In the records below, find the line with "Some of the words" and repeat exactly every line from it through the line with "this 1296×1296 image.". Pictures stay out.
[[ Information shown open ]]
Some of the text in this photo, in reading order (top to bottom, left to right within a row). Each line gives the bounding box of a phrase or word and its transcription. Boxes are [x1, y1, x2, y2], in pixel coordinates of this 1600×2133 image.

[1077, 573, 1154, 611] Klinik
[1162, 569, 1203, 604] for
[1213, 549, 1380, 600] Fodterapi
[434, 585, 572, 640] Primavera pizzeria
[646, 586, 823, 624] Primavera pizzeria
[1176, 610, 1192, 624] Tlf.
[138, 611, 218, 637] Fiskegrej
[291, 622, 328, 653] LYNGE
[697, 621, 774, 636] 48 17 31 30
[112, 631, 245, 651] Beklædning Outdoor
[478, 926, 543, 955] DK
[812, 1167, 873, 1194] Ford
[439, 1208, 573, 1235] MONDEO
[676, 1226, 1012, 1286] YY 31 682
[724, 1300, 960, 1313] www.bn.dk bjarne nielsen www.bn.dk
[[ Information shown closed ]]
[[ Information shown open ]]
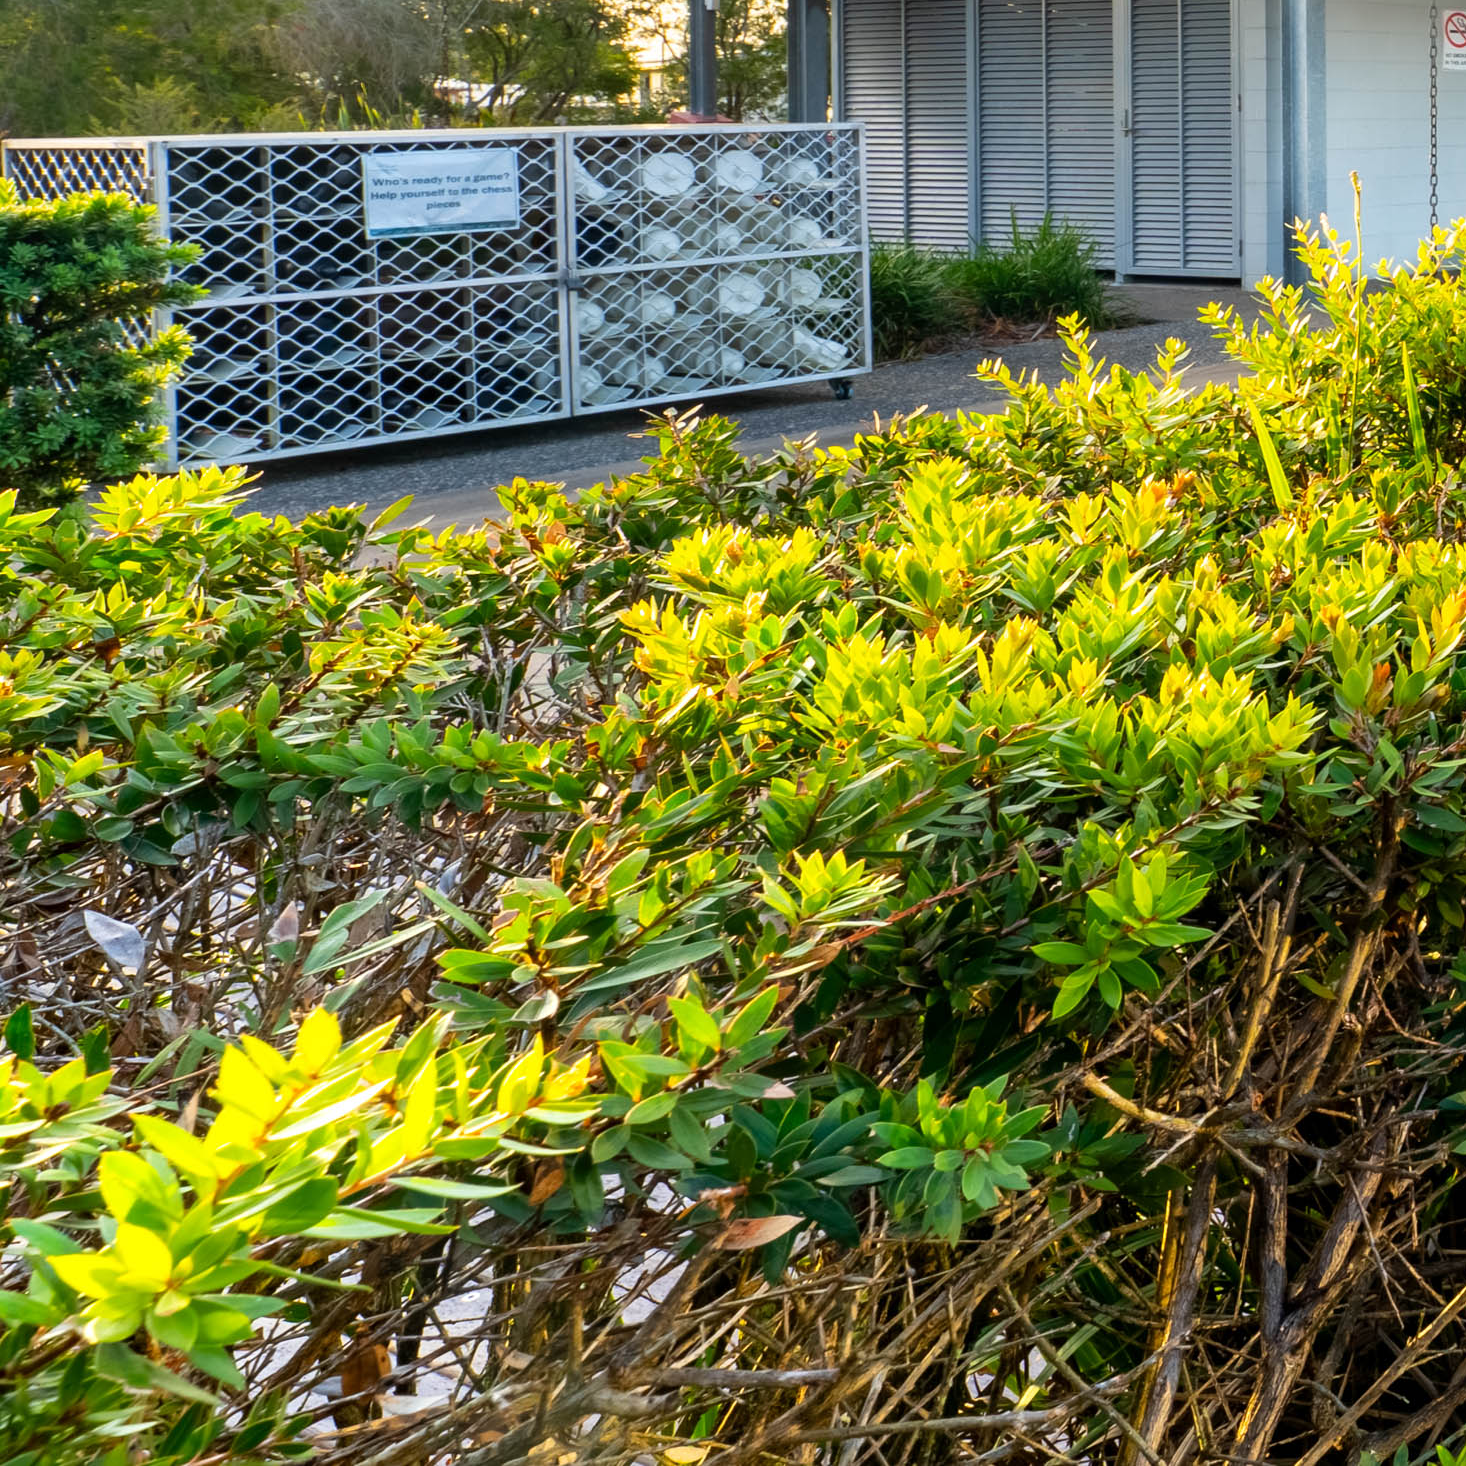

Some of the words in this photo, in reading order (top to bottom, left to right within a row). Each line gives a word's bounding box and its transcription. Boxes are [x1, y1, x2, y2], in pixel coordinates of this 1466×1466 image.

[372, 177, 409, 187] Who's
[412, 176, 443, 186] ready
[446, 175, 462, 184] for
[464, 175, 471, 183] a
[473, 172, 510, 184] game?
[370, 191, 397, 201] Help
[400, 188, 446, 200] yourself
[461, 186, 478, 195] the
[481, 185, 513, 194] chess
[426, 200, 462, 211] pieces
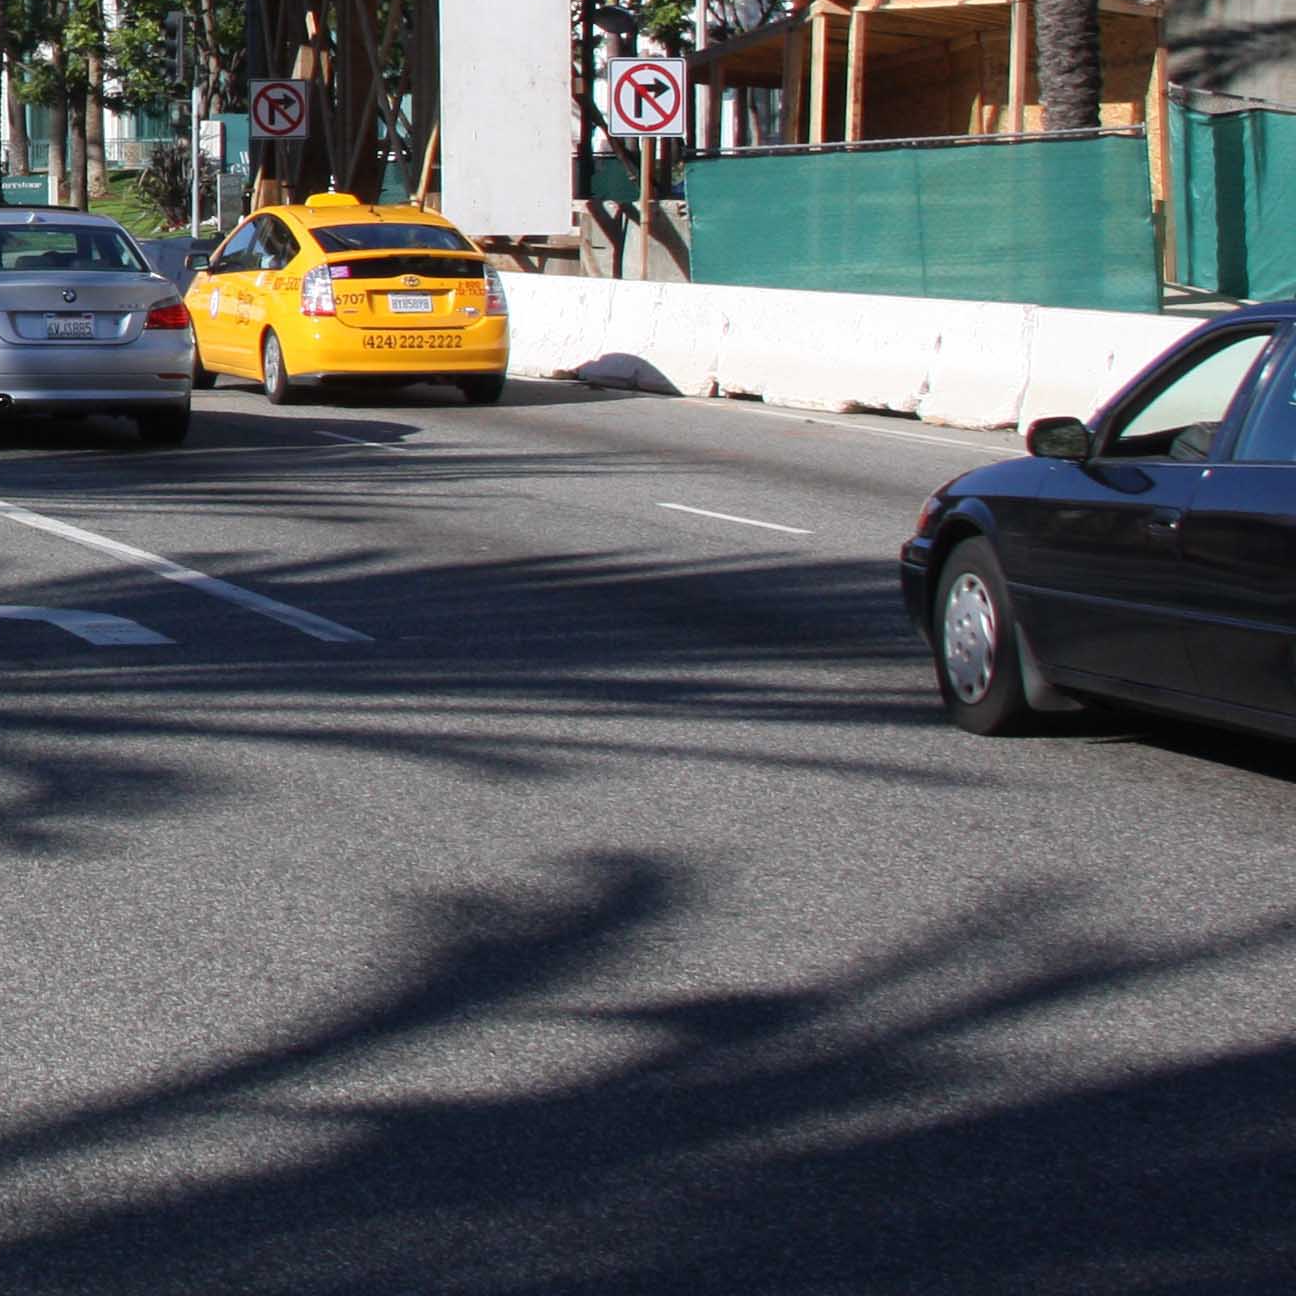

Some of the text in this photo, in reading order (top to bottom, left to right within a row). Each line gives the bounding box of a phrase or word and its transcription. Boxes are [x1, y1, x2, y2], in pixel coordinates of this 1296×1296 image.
[[ Information shown closed ]]
- **Finished exercise**
Some of the words in this photo, in reading order (top to bottom, left to right within a row). Each line gives a word's bounding box and its transcription. Boxes are [x1, y1, x2, y2], in pixel coordinates of this 1466×1466 image.

[372, 177, 409, 187] Who's
[412, 176, 443, 186] ready
[446, 175, 462, 184] for
[464, 175, 471, 183] a
[473, 172, 510, 184] game?
[370, 191, 397, 201] Help
[400, 188, 446, 200] yourself
[461, 186, 478, 195] the
[481, 185, 513, 194] chess
[426, 200, 462, 211] pieces

Some of the text in this photo, in reading order (top to bottom, left to right within a row). Each line gives the bounding box of a phrase or word and its transcription. Boxes are [x1, y1, x2, y2], in pixel coordinates of this 1296×1296 image.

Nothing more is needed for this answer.